Así que la razón está, como de costumbre, en boca de los ciudadanos europeos -los españoles, por ejemplo- que se escandalizan de que alguien ignore que las armas son un peligro, y deben estar, si es que deben estar en algún lugar, en manos de los cuerpos de seguridad del estado, especializados en usarlas con criterio. En Europa hay muchísimas menos armas que en cualquier país americano y las tasas de homicidio por arma de fuego son muchísimo menores; y las tasas de homicidio en general son bajas, porque sin armas de fuego el homicidio es siempre engorroso y poco eficiente. Todo eso es indiscutible y, por lo tanto, no tiene discusión, parafraseando a un torero famoso. El único problema está en que en Europa eso es posible debido a una confianza general en el Estado; y esa confianza puede llegar a ser más peligrosa que tener armas en casa, cuando llega a volverse una especie de letargo. No, no me refiero a que sea aconsejable armarse para defenderse del maleante común o del ejecutor de hipotecas, claro está que no lo es. Pero dejar la cosa pública en manos de unas cuantas castas de representantes y especialistas, limitándose a disparar de vez en cuando eso que dicen que es un arma temible, a saber el voto, se ha revelado fatídico, y quizás irreversible. A fuerza de confiar en los que usan con criterio las armas de todos y el dinero de todos se ha llegado a una situación que, reconozcámosla, es también bastante exótica. Tanto que no es totalmente descartable -toquemos madera- que se llegue a un punto en que andar por la vida con un Colt 45 no sea, a pesar de los pesares, tan mala idea.

viernes, 7 de diciembre de 2012

El inquisidor de Velázquez


Y hablando de Velázquez, acaban de descubrir un cuadro suyo -lo que no ocurre todos los días.

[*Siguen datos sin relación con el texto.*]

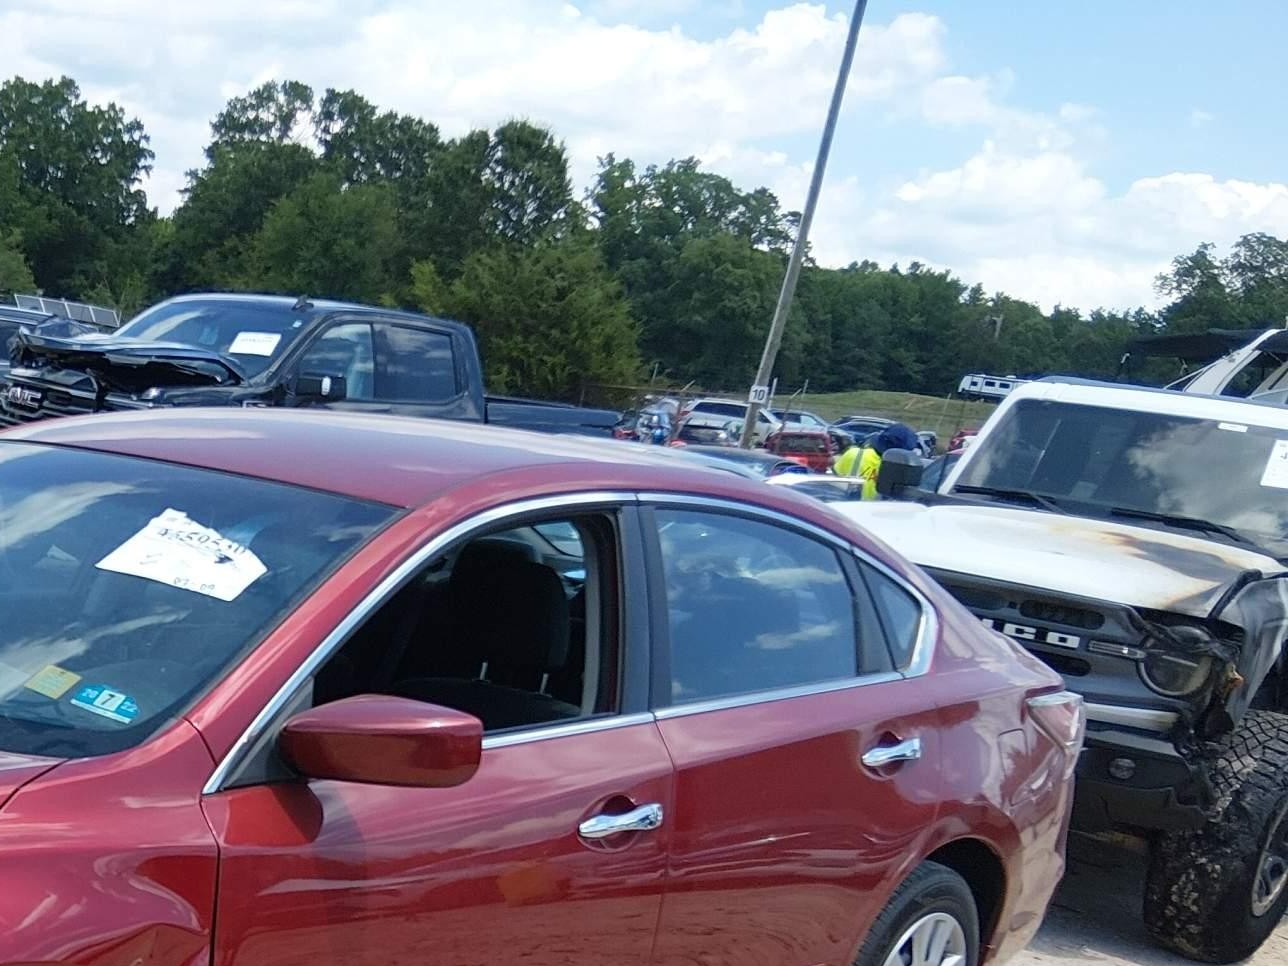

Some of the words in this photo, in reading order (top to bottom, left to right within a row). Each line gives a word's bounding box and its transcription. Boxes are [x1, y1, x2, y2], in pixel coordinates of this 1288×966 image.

[752, 389, 766, 401] 10
[982, 618, 1081, 649] CO
[100, 693, 116, 706] 7
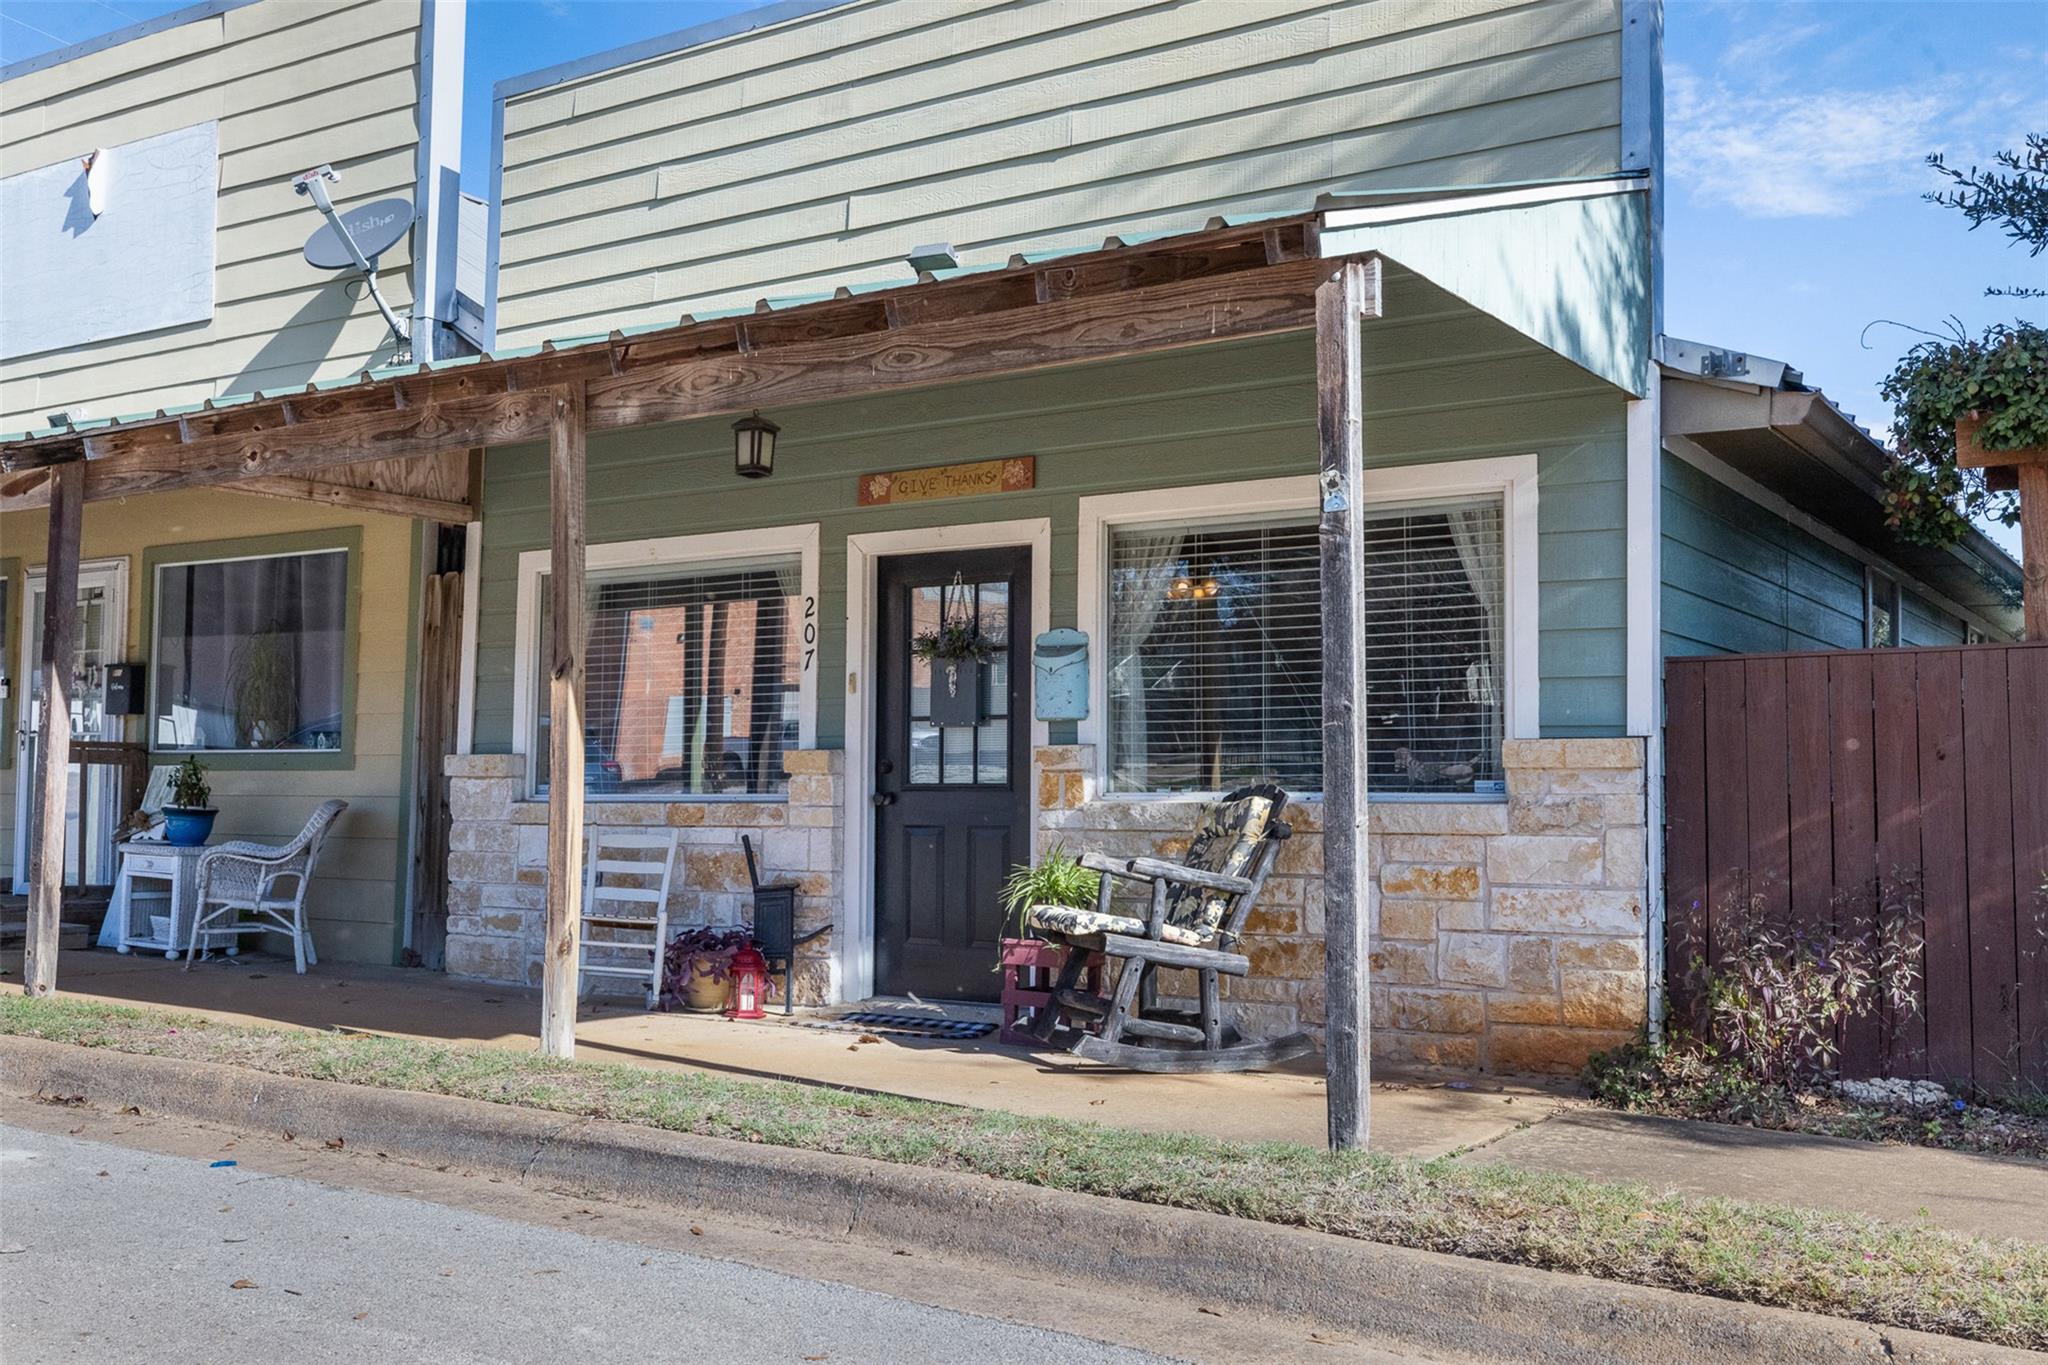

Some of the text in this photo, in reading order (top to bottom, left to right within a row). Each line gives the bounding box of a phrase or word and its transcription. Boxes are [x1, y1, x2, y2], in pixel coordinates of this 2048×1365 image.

[899, 470, 993, 494] GIVE THANKS
[804, 596, 816, 672] 207

Es el retrato de Don Sebastián García de Huerta, que no era un inquisidor como ha dicho la prensa, siempre fantasiosa. Aquí cuento su verdadera historia, en exclusiva para los lectores de este blog.


El primer encuentro de Don Sebastián con la Inquisición fue pura coincidencia: nació en 1576 en La Guardia de Toledo, un lugar donde un siglo antes había ocurrido el horrible crimen del Santo Niño. Unos judíos torturaron y crucificaron a un niño cristiano antes de arrancarle el corazón para usarlo en brujerías. No importa que nunca se encontrase el cuerpo de la víctima sin nombre (subió al cielo o resucitó, dependiendo de las versiones), ni que nadie echase de menos a ningún niño: el primer acusado había sido detenido muy lejos de allí, por sospechas de que practicaba el judaísmo a escondidas, pero después de largo interrogatorio acabó confesando y entregando a sus cómplices, que también confesaron el crimen, igualito a ciertos cuentos de horror muy divulgados en la época. Insistían en decir que todo era mentira cuando dejaban de torturarlos. El proceso acabó con la quema de algunos judíos y colaboró mucho para la expulsión de todos los demás.
El segundo encuentro de Don Sebastián con la Inquisición consistió en tornarse secretario del Gran Inquisidor Bernardino de Sandoval y Rojas, cuando estaba en marcha la complicada operación de expulsar de España a los moriscos, decidida unos años antes. El artista Ángelo Nardi, a quien Don Sebastián patrocinó encargándole pinturas para una iglesia que él financiaba, había venido a España a participar en un concurso para un cuadro conmemorativo de esa decisión magnánima. El concurso, por cierto, lo ganó Velázquez, aunque el cuadro que pintó desapareció en un incendio.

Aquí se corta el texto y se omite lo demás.